Amelia LakrafiAmelia Lakrafi
Écrit par Sandra Camey
Publié le 15 juillet 2020, mis à jour le 16 juillet 2020

Amélia Lakrafi, députée de la 10e circonscription des Français de l’étranger, a lancé la Fédération Internationale des Bienfaisances et Entraides des Français résidant à l’étranger (FIBRE), un réseau pour soutenir ceux qui aident les expatriés à l’étranger.
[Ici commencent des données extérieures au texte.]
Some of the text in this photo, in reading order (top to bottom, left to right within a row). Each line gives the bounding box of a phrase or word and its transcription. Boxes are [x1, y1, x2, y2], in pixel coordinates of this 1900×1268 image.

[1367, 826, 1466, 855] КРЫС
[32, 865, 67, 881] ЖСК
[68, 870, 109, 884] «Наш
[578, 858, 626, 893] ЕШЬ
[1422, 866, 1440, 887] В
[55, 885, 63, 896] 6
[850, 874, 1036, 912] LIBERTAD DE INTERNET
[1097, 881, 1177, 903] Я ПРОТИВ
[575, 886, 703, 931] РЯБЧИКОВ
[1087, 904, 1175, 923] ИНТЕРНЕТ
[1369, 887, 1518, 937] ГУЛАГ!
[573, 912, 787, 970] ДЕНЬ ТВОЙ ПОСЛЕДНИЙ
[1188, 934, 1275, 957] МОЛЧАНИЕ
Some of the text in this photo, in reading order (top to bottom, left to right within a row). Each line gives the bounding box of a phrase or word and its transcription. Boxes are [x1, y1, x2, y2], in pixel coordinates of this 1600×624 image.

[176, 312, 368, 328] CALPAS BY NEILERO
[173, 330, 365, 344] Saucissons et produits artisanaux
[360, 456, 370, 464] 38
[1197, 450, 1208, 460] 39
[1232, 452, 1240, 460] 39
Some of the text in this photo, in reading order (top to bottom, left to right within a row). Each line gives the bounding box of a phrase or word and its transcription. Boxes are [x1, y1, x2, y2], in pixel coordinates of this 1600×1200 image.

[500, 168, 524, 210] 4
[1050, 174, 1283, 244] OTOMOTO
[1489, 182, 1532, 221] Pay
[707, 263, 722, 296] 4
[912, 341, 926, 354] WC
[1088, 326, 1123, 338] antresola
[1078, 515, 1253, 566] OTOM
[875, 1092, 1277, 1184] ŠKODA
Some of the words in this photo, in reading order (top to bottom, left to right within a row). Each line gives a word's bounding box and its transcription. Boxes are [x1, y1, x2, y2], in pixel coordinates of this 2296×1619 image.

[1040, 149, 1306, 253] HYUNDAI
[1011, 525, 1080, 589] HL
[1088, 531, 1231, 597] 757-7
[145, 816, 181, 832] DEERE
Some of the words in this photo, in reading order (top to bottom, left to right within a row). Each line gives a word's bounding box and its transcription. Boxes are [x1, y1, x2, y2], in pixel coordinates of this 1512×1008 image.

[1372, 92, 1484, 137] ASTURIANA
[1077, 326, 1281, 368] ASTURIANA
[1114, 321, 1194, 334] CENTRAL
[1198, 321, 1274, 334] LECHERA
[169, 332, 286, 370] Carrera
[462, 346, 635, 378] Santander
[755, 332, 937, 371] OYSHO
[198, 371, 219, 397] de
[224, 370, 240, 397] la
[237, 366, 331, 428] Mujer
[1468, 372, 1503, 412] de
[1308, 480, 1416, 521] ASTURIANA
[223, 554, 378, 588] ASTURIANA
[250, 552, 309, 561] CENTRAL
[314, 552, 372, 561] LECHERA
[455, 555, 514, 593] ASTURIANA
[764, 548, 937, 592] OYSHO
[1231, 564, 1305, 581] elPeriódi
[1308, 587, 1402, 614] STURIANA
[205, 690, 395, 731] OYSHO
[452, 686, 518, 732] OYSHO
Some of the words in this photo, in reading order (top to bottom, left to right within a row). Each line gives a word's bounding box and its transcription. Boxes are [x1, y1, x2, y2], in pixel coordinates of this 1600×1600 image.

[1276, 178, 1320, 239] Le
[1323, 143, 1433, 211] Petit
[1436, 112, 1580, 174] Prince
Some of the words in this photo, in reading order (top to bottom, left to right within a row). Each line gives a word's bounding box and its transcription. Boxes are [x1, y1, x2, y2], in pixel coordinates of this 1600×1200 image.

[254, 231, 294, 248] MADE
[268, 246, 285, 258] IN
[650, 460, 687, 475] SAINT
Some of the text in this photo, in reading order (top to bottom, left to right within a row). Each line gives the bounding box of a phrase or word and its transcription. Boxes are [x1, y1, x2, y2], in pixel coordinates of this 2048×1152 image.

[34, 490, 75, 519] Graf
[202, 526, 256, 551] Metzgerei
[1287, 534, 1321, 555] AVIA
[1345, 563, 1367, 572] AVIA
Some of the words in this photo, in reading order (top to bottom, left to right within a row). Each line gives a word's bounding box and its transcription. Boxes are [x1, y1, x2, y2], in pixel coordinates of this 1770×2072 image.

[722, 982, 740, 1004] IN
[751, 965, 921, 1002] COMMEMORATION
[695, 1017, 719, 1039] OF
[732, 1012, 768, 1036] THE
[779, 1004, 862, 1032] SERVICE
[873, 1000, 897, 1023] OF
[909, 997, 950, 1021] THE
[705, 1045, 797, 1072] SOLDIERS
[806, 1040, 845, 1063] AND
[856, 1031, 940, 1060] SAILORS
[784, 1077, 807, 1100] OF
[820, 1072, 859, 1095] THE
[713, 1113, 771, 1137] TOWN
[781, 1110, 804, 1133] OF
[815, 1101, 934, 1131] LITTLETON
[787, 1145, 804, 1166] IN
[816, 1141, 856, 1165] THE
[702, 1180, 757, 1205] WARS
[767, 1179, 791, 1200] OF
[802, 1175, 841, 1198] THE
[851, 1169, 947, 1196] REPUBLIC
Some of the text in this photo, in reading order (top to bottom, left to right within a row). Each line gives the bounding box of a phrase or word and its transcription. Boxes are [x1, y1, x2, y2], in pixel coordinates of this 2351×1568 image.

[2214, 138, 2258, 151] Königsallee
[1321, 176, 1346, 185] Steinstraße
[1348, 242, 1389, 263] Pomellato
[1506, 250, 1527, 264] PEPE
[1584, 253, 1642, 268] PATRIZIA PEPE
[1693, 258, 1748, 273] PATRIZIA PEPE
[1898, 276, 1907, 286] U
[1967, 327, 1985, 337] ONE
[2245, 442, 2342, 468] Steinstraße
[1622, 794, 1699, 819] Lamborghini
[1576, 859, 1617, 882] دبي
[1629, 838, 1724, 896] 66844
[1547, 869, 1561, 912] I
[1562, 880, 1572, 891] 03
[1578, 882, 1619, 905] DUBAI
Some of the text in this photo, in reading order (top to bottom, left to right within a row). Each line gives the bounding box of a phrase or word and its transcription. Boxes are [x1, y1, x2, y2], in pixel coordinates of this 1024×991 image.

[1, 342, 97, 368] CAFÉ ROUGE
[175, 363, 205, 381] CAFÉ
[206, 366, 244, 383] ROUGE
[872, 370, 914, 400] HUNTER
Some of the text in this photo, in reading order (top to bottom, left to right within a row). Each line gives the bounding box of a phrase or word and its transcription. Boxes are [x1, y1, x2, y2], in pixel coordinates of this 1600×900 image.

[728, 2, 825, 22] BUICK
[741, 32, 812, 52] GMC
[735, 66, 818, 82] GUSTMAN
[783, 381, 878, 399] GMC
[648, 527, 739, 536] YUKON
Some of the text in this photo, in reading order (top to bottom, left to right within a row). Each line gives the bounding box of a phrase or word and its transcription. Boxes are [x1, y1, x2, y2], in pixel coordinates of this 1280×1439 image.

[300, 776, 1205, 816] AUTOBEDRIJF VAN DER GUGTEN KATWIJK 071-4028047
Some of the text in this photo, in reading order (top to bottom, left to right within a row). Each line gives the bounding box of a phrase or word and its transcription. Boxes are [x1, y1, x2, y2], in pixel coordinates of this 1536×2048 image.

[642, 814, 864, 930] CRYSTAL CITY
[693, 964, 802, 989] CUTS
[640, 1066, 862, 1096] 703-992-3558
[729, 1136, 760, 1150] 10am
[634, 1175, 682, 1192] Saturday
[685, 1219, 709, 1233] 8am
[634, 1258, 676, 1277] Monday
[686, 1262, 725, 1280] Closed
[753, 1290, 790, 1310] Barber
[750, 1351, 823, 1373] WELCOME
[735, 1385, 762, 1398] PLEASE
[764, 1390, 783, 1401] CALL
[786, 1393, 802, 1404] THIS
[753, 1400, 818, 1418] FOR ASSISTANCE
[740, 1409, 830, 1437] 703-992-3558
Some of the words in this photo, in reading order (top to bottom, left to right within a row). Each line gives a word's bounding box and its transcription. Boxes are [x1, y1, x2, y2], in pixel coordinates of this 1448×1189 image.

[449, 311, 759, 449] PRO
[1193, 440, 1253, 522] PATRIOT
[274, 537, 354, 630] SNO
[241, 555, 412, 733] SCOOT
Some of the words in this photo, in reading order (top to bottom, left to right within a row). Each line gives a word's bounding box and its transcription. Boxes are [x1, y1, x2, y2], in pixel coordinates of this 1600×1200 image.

La députée nous évoque également son combat pour plus de justice et de soutien dans sa circonscription.
 



Pouvez-vous nous expliquer ce qu'est la Fédération Internationale des Bienfaisances et Entraides des Français résidant à l’étranger (FIBRE) ?

Cette fédération a été créée dans le but de fédérer les Organismes Locaux d’Entraide et Solidarité (OLES). Présents dans 119 pays, ce sont des associations de droits locaux gérées par des expatriés français, souvent des retraités, qui aident d’autres Français de l’étranger démunis. Les consulats leur réservent une ligne budgétaire mais cette aide n’est pas suffisante. Certains OLES ne savent pas remplir la demande pour l’obtenir.

Durant mes trois années sur le terrain, j’ai rencontré beaucoup d’entre eux. Certains sont spécialisés dans la visite des prisonniers français pour leur ramener des médicaments ou des livres. D’autres font également des colis alimentaires pour les familles les plus démunies, les préparent pour la rentrée scolaire ou bien aident les Français dans leurs démarches administratives. Tout ceci est fait dans l’anonymat. Ces organismes sont isolés les uns des autres, ne se connaissent pas et communiquent très peu. Malheureusement nous n’avons pas d’assistance sociale dans tous les pays et les OLES ont beaucoup de mal à trouver des personnes qui restent dans le pays et qui s'intéressent aux plus démunis tout en connaissant l’administration locale et le domaine social.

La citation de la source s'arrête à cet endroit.